Um, no. It doesn't work that way. Sure, maybe it only takes six months to write a novel, even with the multiple drafts needed to polish the thing. But then you've got to find a publisher (possibly find an agent, too), which takes time, and then the publisher will want the book edited some more, at which point you're looking at at least a year and a half between initial concept and initial print run. It's likely longer because the publisher will want to pick the right season to release the book in, and spring is better for your book than fall, which is when the novel was as finished as it was going to be.

So, roughly two years, minimum. That's a lot of time for reality to change. Two years ago, I'd have scoffed at the idea of jet packs and flying cars being real before I was 30, and now they're hella expensive, but they're here. And as I've learned with my WIP, writers can't keep changing their story and their world to keep up with reality, because even minor changes can snowball and change plot points*. At some point you just have to give up on absolute accuracy and run with what you've got.

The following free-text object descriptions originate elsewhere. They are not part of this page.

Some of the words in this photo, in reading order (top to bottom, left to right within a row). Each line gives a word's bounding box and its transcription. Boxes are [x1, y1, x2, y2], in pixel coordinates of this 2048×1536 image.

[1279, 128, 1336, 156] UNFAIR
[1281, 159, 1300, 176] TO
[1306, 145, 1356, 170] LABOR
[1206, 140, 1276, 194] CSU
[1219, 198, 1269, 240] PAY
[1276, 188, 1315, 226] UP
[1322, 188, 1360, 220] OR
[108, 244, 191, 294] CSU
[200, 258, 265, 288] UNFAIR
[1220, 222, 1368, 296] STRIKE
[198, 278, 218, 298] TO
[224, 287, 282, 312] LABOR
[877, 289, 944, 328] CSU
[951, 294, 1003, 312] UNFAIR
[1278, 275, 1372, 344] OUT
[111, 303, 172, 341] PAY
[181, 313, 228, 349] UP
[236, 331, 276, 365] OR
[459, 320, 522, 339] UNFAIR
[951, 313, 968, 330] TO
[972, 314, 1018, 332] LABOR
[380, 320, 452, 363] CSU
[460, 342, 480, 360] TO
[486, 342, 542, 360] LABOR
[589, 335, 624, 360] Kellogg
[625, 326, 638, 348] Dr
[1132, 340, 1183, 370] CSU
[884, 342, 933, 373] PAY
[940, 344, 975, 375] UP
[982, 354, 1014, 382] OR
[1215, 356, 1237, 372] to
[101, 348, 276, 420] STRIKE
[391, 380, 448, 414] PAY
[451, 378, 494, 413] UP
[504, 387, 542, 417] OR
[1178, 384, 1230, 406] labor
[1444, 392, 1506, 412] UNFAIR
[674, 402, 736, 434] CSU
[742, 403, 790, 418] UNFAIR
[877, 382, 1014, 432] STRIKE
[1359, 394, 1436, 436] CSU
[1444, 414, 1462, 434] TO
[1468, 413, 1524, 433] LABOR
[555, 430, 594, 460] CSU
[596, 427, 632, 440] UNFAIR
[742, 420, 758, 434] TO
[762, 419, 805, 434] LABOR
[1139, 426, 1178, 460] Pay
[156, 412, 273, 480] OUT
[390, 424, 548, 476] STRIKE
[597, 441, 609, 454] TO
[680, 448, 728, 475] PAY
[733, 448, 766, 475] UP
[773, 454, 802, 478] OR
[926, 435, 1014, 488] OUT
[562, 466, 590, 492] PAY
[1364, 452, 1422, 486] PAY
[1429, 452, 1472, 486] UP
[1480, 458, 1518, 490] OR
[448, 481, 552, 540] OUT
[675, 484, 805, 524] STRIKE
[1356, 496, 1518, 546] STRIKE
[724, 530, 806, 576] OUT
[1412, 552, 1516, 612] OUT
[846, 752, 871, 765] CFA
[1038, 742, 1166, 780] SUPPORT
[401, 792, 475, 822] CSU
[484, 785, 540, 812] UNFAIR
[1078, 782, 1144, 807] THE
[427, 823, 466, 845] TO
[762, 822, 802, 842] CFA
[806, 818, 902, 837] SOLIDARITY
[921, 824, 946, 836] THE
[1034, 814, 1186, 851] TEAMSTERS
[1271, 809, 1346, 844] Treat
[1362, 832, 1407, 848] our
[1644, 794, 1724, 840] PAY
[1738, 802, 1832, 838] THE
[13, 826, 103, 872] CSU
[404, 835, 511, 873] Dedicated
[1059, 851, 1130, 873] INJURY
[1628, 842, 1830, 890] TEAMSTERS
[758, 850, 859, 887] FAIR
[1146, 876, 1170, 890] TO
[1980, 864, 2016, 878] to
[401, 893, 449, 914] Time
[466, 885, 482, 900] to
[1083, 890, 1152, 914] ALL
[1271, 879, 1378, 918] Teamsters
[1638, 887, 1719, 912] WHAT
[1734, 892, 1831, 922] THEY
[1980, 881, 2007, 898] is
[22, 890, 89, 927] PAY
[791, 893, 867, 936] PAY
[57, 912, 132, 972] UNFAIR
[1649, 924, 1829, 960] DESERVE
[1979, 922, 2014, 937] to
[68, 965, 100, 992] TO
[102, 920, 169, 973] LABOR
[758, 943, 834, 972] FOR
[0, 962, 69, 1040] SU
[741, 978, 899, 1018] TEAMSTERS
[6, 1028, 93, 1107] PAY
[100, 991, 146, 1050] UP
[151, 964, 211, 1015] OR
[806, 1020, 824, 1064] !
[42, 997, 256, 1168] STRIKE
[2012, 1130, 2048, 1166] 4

What this all means is that near-future science fiction is going to be several years out of date before it hits bookshelves. Of course it's not going to take what happened three months ago into account. It can't. We shouldn't be criticizing authors for this, and we shouldn't be assuming this somehow makes them lazy or sloppy. If we readers can't wrap our heads around, "we didn't have X when the book was written, so we forgive the author for missing it" (and we should be able to, it's not hard), then we should go with the slightly lesser, possibly more palatable statement, "when I'm reading this, I'm going to assume something happened Y years ago that made X happen at a different time." The impact the world-building mismatch has on our enjoyment of the book should be minimal.

*especially true after the book's bought by the publisher. It's apparently very uncool to keep making major changes after that.